Today’s post was shared by Jon L Gelman and comes from baltimore.cbslocal.com.
NOTE: In Washington State’s workers’ compensation system, any injured worker receives time loss compensation benefits until they recover medically to the point that they are again able to return to “reasonably continuous, gainful employment,” regardless of projected retirement age. There is no provision for long-term lost earning capacity and the monetary benefits paid for permanent impairment are quite limited. kc
SPRINGFIELD, Ill. (AP) — Should injured pro athletes be allowed to earn worker compensation benefits until they are 67 years old, like other workers, even if their athletic careers normally would have ended more than 30 years earlier?
That issue is being debated between the Chicago Bears and the NFL Players Association in the Illinois Legislature as one unlikely element of a compromise proposal to end a nearly two-year-long fight over the state’s budget.
The Bears are leading other Chicago sports franchises in backing a measure that would reduce a former player’s ability to tap into workers compensation after a career-ending injury. They want to cap certain payments to athletes at no older than 35 or five years after their injury. Currently they can claim benefits up to age 67, like other workers.

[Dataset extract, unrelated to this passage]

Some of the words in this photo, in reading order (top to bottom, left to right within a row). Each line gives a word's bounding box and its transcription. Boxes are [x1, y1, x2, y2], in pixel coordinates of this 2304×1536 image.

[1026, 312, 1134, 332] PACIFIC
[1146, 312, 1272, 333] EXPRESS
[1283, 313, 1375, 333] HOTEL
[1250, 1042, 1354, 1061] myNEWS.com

Neither the teams nor players’ advocates will say how much money is at stake. They agree it is not a relatively big pot — while theoretically some could claim millions, most if not all athletes settle their claims for reduced sums up front, the players association says.
Only a handful of pro players filed for the benefit here in the past four years, although the association would not identify them or describe their individual cases.